On Monday I signed up, signed on and enlisted for the 2nd “subida a el Morredero”, the place to die.
The race follows a long bleak mountain road which has been used a couple of times as a stage finish in the Vuelta and despite being a Category one, 1200m climb over 23kms it is not considered by cyclists as one of the tough ones. Long yes and with a couple of eye-wateringly steep sections but it's followed by enough flat stretches to get your breath back and the stage winners (Roberto Heras in 97 and Valverde this year) only took a few seconds off their nearest rivals. In fact it represents less than half the dimensions of the Veleta race that Johnb and Antonio described in their diaries last year (and which must surely be the most terrifying race in Spain).
http://www.runningcommentary.co.uk/forum....php?t=705
However it’s long and mean and nasty enough for me. I’ve never managed to cycle up Morredero without stopping at least once on the way and the last time I tried was back in February. And although I didn’t even make it as far as the ski station I was rewarded by a landscape of breathtaking whiteness and eerie silence. Took some nice photos too.

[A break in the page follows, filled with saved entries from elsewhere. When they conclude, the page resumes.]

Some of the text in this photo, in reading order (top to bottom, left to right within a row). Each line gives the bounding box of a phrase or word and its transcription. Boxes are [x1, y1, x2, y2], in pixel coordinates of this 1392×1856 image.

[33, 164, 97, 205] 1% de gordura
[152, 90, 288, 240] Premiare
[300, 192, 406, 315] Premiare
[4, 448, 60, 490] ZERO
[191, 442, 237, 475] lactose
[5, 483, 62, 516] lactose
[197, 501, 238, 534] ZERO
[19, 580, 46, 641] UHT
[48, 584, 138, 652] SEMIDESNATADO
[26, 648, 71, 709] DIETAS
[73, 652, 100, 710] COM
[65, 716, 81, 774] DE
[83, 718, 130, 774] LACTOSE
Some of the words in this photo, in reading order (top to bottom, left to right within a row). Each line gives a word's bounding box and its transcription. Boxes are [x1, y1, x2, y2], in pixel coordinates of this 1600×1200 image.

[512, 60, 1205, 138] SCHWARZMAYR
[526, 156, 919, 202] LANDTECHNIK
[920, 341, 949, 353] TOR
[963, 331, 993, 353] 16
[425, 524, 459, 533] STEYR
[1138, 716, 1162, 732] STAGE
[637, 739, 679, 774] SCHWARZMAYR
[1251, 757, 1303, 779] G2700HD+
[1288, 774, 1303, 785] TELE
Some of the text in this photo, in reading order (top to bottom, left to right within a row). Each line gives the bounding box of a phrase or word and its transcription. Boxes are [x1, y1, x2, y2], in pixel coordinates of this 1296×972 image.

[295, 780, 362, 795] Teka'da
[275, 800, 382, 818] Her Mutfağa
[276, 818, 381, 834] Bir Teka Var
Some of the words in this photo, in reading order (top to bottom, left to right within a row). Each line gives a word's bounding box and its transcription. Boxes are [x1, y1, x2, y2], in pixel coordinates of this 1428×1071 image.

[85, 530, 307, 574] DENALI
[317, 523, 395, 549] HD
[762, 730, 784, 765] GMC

http://www.runningcommentary.co.uk/forum....php?t=892
The game plan this time is to set off very, very slowly and to walk the steep bits. Strangely enough this may well hurt me less than a flat 10k. In September I ran a 9.6k race (this time they sportingly admitted the missing metres) in Ponferrada and ended up with “burning fires”(Henry Rono-ism) in my left calf. Have discovered that since knackering my ankle in June the sort of running that hurts least is of the slow uphill variety. So let’s crank up that treadmill MLCM…..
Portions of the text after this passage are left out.